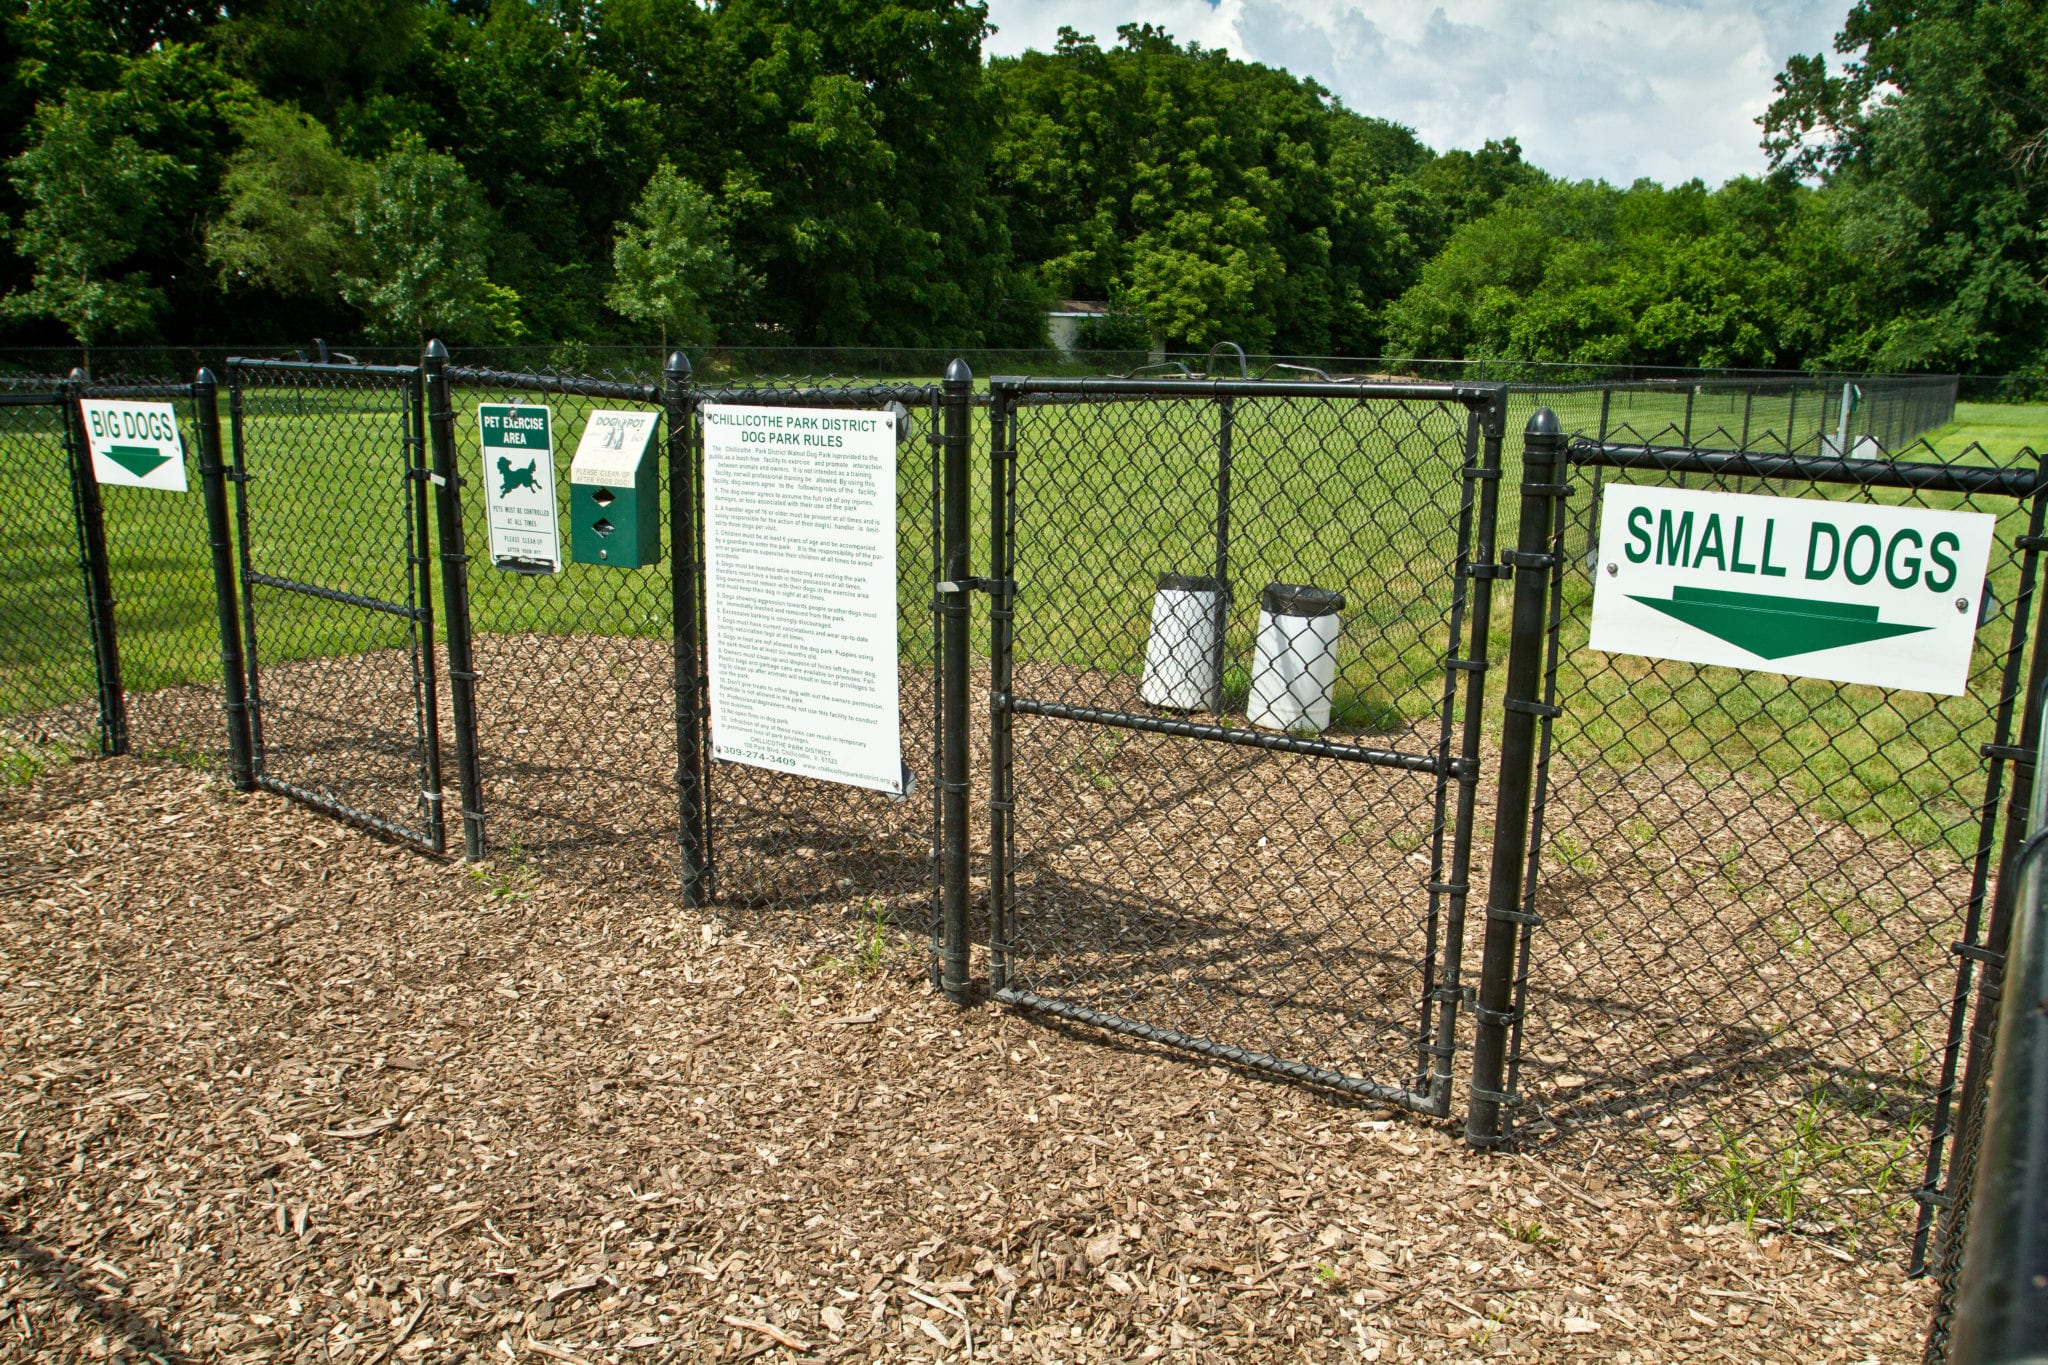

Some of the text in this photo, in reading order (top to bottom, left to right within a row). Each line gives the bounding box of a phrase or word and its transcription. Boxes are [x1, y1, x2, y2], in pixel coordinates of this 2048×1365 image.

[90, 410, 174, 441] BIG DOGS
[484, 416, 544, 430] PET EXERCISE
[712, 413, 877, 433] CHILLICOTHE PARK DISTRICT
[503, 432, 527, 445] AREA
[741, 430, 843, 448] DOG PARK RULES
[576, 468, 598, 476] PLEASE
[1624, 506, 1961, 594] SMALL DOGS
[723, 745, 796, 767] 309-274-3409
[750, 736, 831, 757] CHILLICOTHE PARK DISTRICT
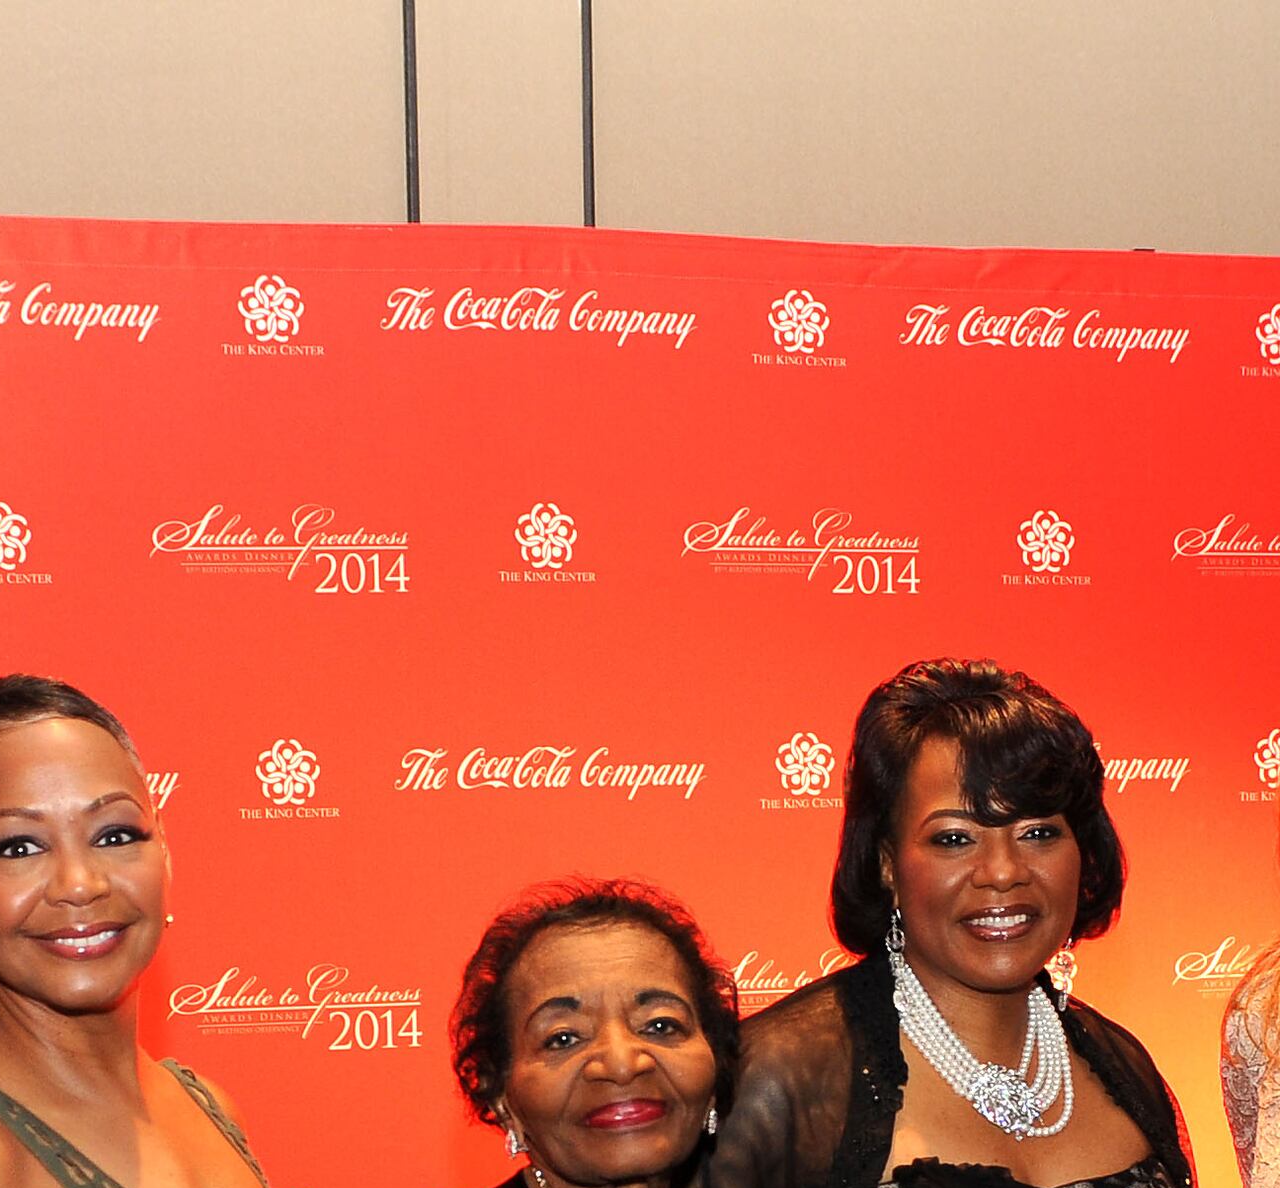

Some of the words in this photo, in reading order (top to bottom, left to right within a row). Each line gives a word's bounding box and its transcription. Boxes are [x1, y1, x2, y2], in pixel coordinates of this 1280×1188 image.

#####

*TASK BRIEF*:
Write out the entries again, word for word. No images.

*RESPONSE TO THE EXERCISE*:
Some of the text in this photo, in reading order (top to bottom, left to right within a row). Each line gives the bounding box of a phrase or word and its transcription. Boxes are [x1, y1, x2, y2], in pixel coordinates of this 2048×1365 image.

[90, 410, 174, 441] BIG DOGS
[484, 416, 544, 430] PET EXERCISE
[712, 413, 877, 433] CHILLICOTHE PARK DISTRICT
[503, 432, 527, 445] AREA
[741, 430, 843, 448] DOG PARK RULES
[576, 468, 598, 476] PLEASE
[1624, 506, 1961, 594] SMALL DOGS
[723, 745, 796, 767] 309-274-3409
[750, 736, 831, 757] CHILLICOTHE PARK DISTRICT

Some of the words in this photo, in reading order (top to bottom, left to right within a row). Each line gives a word's bounding box and its transcription. Boxes are [x1, y1, x2, y2], in pixel coordinates of this 1280×1188 image.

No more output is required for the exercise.